__PROBLEM REQUIREMENTS__
Down to the last line, reproduce the data that follows, but skip the pictures.

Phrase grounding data
*** Block opens ***
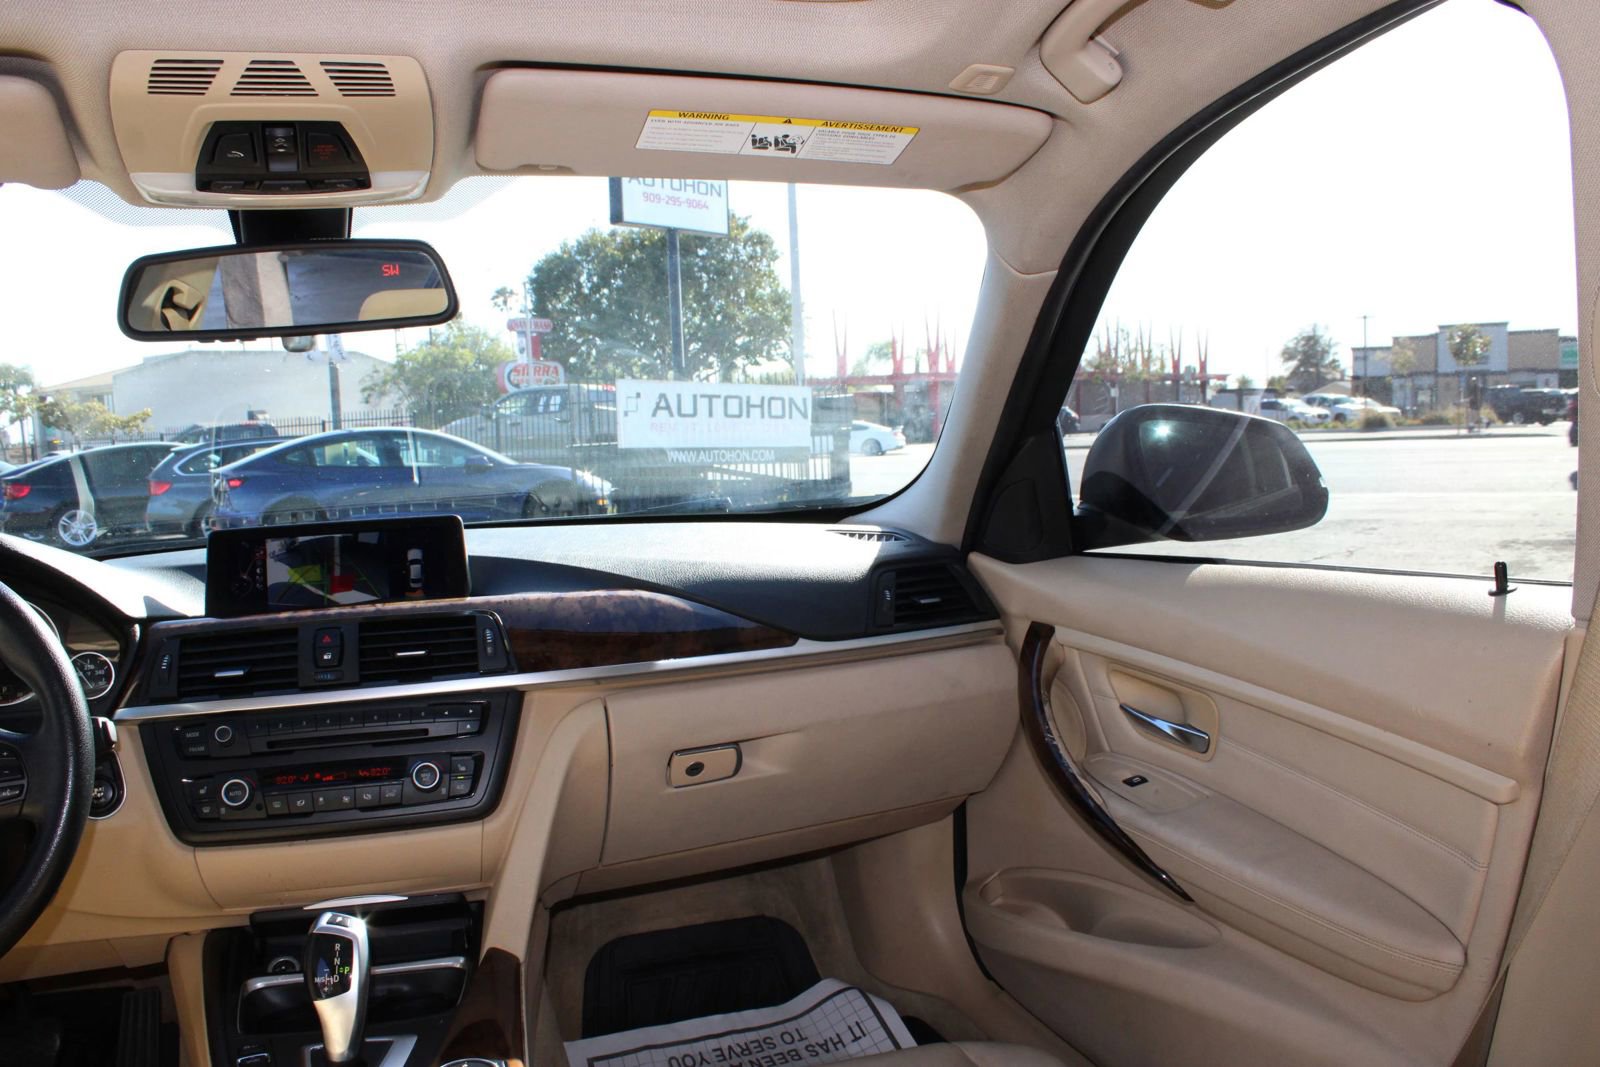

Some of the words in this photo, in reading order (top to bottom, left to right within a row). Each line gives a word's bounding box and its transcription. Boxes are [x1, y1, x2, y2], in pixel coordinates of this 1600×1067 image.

[678, 112, 730, 120] WARNING
[821, 121, 904, 133] AVERTISSEMENT
[628, 177, 722, 197] AUTOHON
[642, 191, 709, 209] 909-295-9064
[382, 264, 399, 276] SW
[651, 392, 809, 419] AUTOHON
[666, 449, 776, 464] WWW.AUTOHON.COM
[335, 943, 340, 951] R
[334, 957, 340, 965] N
[344, 966, 350, 974] P
[333, 974, 339, 983] D
[780, 1027, 808, 1045] TO
[848, 1021, 868, 1043] IT
[712, 1035, 778, 1061] SERVE
[804, 1033, 846, 1057] HAS
[668, 1053, 712, 1067] YOU
[746, 1051, 804, 1067] BEEN
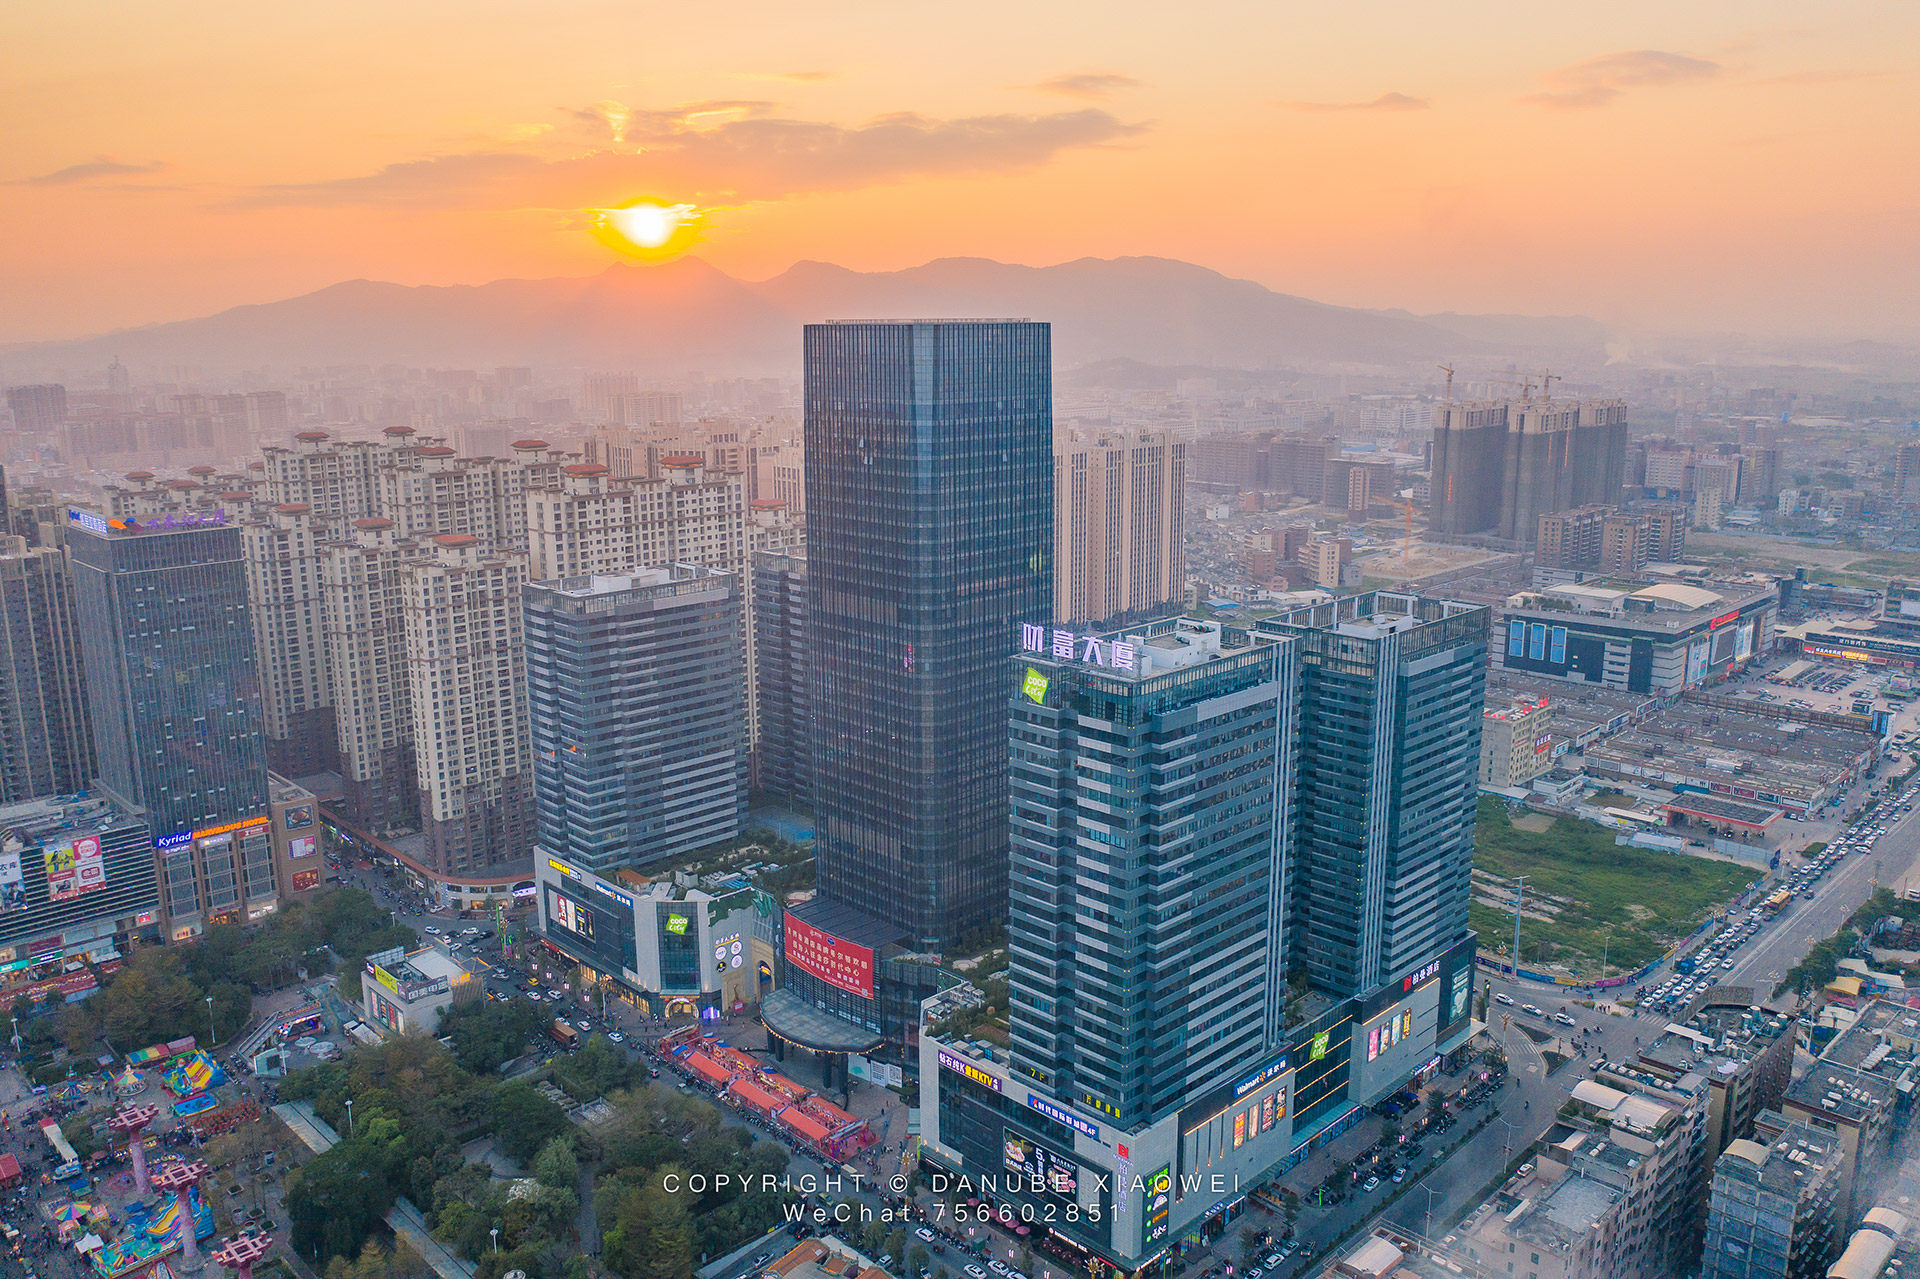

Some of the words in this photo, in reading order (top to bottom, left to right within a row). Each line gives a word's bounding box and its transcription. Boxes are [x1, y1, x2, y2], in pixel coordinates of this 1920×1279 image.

[1022, 623, 1135, 671] 财富大厦
[242, 816, 269, 828] HOTEL
[158, 831, 192, 847] Kyriad
[1237, 1076, 1260, 1095] Walmart
*** Block closes ***
__WRITTEN ANSWER__
Some of the words in this photo, in reading order (top to bottom, left to right within a row). Each line gives a word's bounding box and its transcription. Boxes are [x1, y1, x2, y2], in pixel coordinates of this 1600×1067 image.

[678, 112, 730, 120] WARNING
[821, 121, 904, 133] AVERTISSEMENT
[628, 177, 722, 197] AUTOHON
[642, 191, 709, 209] 909-295-9064
[382, 264, 399, 276] SW
[651, 392, 809, 419] AUTOHON
[666, 449, 776, 464] WWW.AUTOHON.COM
[335, 943, 340, 951] R
[334, 957, 340, 965] N
[344, 966, 350, 974] P
[333, 974, 339, 983] D
[780, 1027, 808, 1045] TO
[848, 1021, 868, 1043] IT
[712, 1035, 778, 1061] SERVE
[804, 1033, 846, 1057] HAS
[668, 1053, 712, 1067] YOU
[746, 1051, 804, 1067] BEEN

Some of the words in this photo, in reading order (top to bottom, left to right within a row). Each line gives a word's bounding box and its transcription. Boxes are [x1, y1, x2, y2], in pixel coordinates of this 1920×1279 image.

[1022, 623, 1135, 671] 财富大厦
[242, 816, 269, 828] HOTEL
[158, 831, 192, 847] Kyriad
[1237, 1076, 1260, 1095] Walmart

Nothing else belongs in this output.